Provided records:
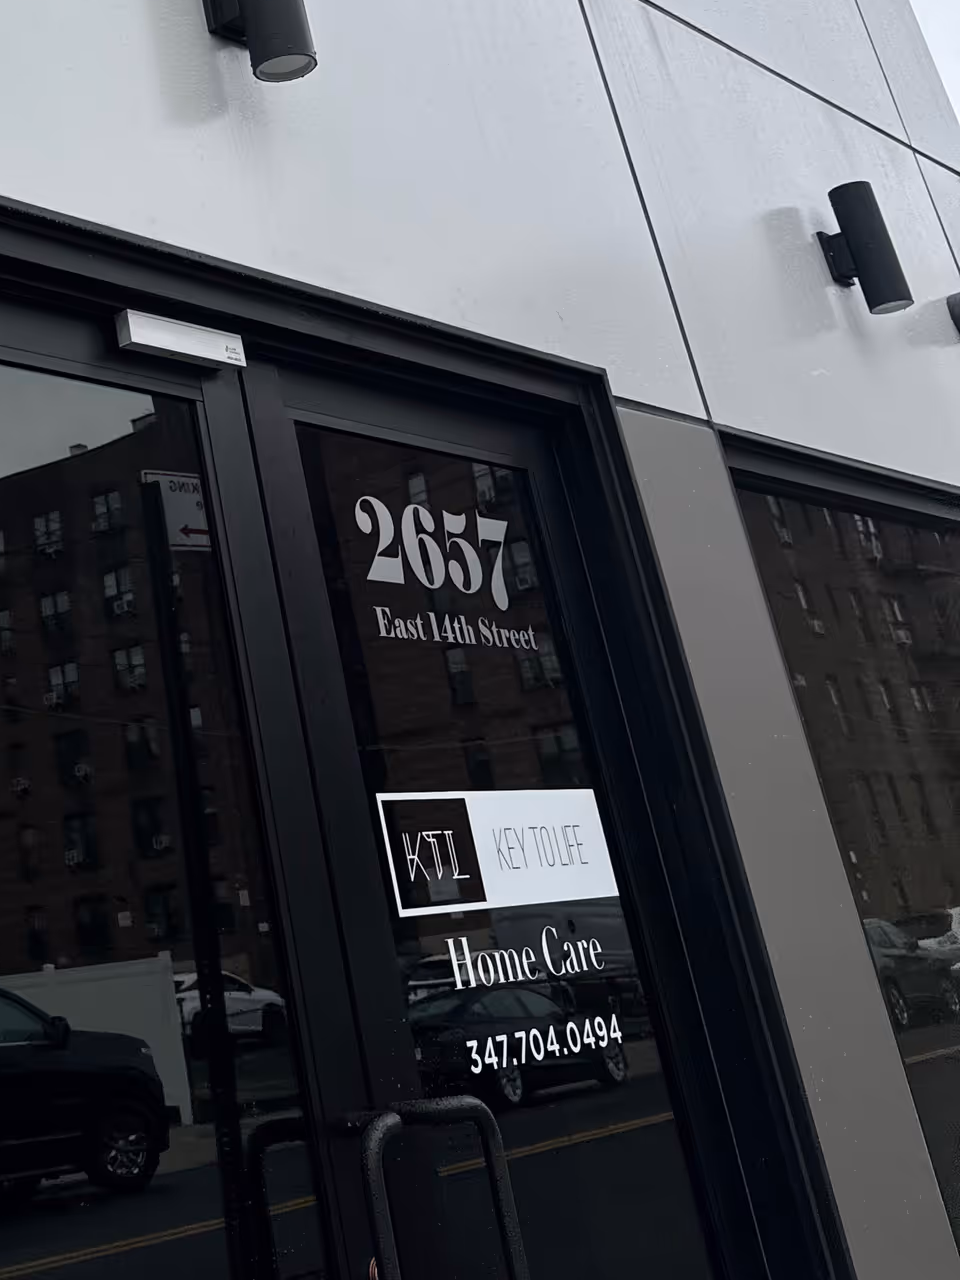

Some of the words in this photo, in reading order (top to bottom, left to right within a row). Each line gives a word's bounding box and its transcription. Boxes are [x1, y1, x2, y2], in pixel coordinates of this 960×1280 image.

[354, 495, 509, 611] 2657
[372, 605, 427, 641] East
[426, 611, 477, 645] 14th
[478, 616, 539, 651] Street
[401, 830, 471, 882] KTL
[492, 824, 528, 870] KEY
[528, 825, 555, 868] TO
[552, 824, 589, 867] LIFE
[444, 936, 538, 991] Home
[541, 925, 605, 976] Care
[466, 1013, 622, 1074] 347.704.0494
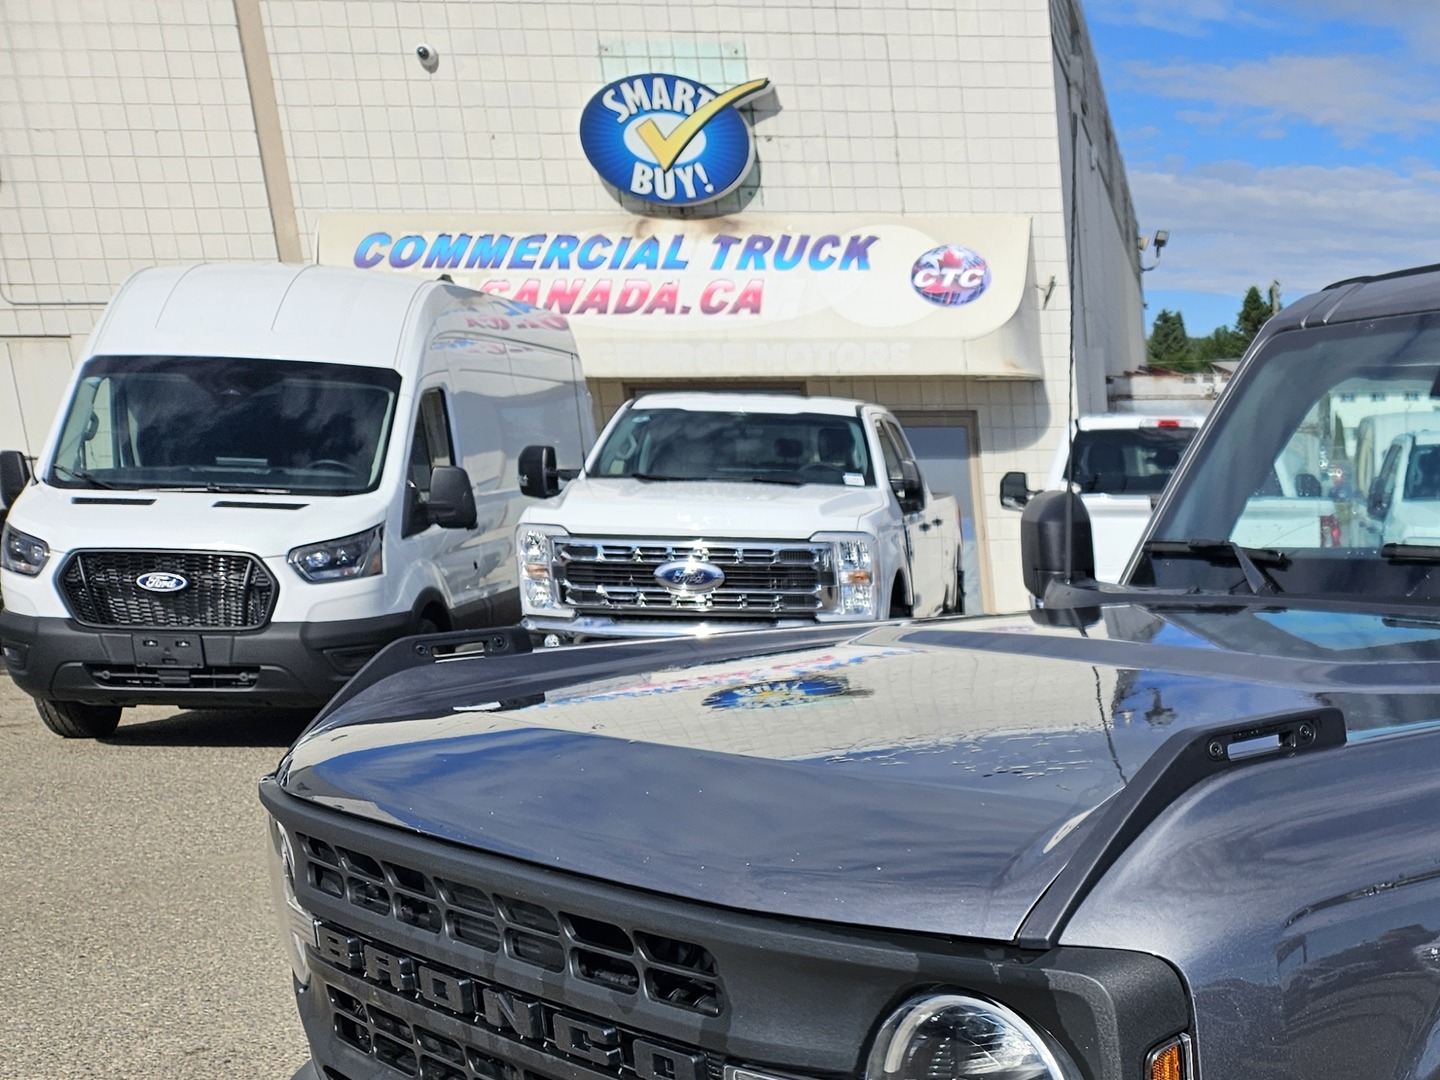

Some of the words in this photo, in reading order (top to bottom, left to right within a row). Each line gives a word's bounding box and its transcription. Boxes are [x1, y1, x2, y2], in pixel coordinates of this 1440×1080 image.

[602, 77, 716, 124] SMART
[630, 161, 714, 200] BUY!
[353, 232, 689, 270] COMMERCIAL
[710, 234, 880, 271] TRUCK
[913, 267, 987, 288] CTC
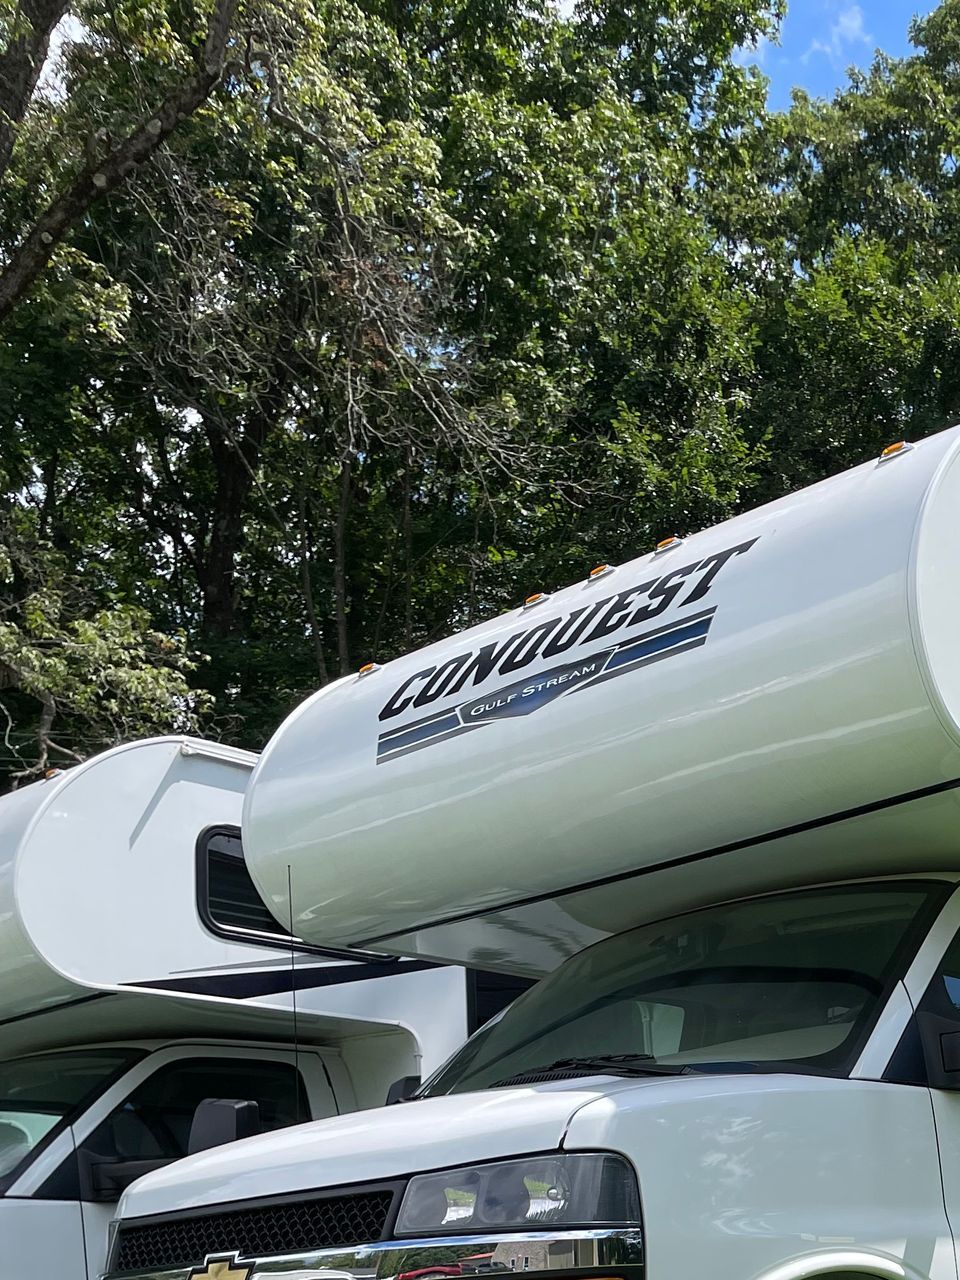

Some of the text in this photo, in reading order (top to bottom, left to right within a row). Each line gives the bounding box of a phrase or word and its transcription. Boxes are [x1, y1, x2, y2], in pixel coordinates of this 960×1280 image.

Task item: Exactly as they stand, the entries must be written out again, pictures excluded.

Task output:
Some of the words in this photo, in reading order (top to bottom, left to right within a row). Each line gives a word's bounding box and its transcription. Boxes are [x1, y1, x2, y2], in pixel coordinates of this 960×1280 image.

[354, 495, 509, 611] 2657
[372, 605, 427, 641] East
[426, 611, 477, 645] 14th
[478, 616, 539, 651] Street
[401, 830, 471, 882] KTL
[492, 824, 528, 870] KEY
[528, 825, 555, 868] TO
[552, 824, 589, 867] LIFE
[444, 936, 538, 991] Home
[541, 925, 605, 976] Care
[466, 1013, 622, 1074] 347.704.0494

Some of the words in this photo, in reading order (top to bottom, left to right within a row). Each line gives a word's bounding box and its transcription. Boxes are [x1, y1, x2, y2], in pixel coordinates of this 1440×1080 image.

[602, 77, 716, 124] SMART
[630, 161, 714, 200] BUY!
[353, 232, 689, 270] COMMERCIAL
[710, 234, 880, 271] TRUCK
[913, 267, 987, 288] CTC

Some of the text in this photo, in reading order (top to bottom, left to right within a row). Each line gives the bounding box of a phrase or word and its transcription. Boxes are [x1, y1, x2, y2], in pixel coordinates of this 960×1280 image.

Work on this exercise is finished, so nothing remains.